** What needs to be done **
Every line of the data, first to last, must be written out unchanged.

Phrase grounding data
----

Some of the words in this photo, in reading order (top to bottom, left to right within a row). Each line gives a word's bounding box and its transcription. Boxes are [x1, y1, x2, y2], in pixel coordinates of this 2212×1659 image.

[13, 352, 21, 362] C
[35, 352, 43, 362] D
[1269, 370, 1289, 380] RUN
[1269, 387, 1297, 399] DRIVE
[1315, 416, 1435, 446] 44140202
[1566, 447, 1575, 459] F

----

** Reply to the task **
Some of the words in this photo, in reading order (top to bottom, left to right within a row). Each line gives a word's bounding box and its transcription. Boxes are [x1, y1, x2, y2], in pixel coordinates of this 2212×1659 image.

[13, 352, 21, 362] C
[35, 352, 43, 362] D
[1269, 370, 1289, 380] RUN
[1269, 387, 1297, 399] DRIVE
[1315, 416, 1435, 446] 44140202
[1566, 447, 1575, 459] F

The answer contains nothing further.